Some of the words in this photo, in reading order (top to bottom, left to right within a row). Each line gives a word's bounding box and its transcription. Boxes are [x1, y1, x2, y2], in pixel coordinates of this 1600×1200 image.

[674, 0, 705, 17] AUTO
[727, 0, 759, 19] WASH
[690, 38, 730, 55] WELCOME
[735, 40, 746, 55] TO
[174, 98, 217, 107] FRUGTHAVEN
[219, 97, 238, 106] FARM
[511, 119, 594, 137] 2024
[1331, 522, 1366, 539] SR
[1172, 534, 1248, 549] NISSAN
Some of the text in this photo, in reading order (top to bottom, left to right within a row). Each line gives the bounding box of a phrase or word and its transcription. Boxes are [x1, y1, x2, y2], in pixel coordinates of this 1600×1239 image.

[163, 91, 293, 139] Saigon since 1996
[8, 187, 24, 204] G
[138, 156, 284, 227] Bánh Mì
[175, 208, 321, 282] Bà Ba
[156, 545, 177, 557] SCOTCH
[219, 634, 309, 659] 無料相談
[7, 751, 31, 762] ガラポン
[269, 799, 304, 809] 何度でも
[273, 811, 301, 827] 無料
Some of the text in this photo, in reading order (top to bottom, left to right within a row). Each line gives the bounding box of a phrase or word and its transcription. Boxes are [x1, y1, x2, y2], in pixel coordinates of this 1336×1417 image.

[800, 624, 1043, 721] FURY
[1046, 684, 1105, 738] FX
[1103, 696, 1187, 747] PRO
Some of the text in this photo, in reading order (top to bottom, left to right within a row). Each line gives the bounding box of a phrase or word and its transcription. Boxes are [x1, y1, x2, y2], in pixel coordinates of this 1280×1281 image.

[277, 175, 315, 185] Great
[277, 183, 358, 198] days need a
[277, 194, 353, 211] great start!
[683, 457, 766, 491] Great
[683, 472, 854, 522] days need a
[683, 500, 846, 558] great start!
^^^^
*Exercise requirements*. Nothing but the lines from the line containing "this 1600×1239 image." through the final line of the entries should appear in your answer, copied exactly.

*Answer section*.
Some of the text in this photo, in reading order (top to bottom, left to right within a row). Each line gives the bounding box of a phrase or word and its transcription. Boxes are [x1, y1, x2, y2], in pixel coordinates of this 1600×1239 image.

[163, 91, 293, 139] Saigon since 1996
[8, 187, 24, 204] G
[138, 156, 284, 227] Bánh Mì
[175, 208, 321, 282] Bà Ba
[156, 545, 177, 557] SCOTCH
[219, 634, 309, 659] 無料相談
[7, 751, 31, 762] ガラポン
[269, 799, 304, 809] 何度でも
[273, 811, 301, 827] 無料
Some of the text in this photo, in reading order (top to bottom, left to right within a row). Each line gives the bounding box of a phrase or word and its transcription. Boxes are [x1, y1, x2, y2], in pixel coordinates of this 1336×1417 image.

[800, 624, 1043, 721] FURY
[1046, 684, 1105, 738] FX
[1103, 696, 1187, 747] PRO
Some of the text in this photo, in reading order (top to bottom, left to right within a row). Each line gives the bounding box of a phrase or word and its transcription. Boxes are [x1, y1, x2, y2], in pixel coordinates of this 1280×1281 image.

[277, 175, 315, 185] Great
[277, 183, 358, 198] days need a
[277, 194, 353, 211] great start!
[683, 457, 766, 491] Great
[683, 472, 854, 522] days need a
[683, 500, 846, 558] great start!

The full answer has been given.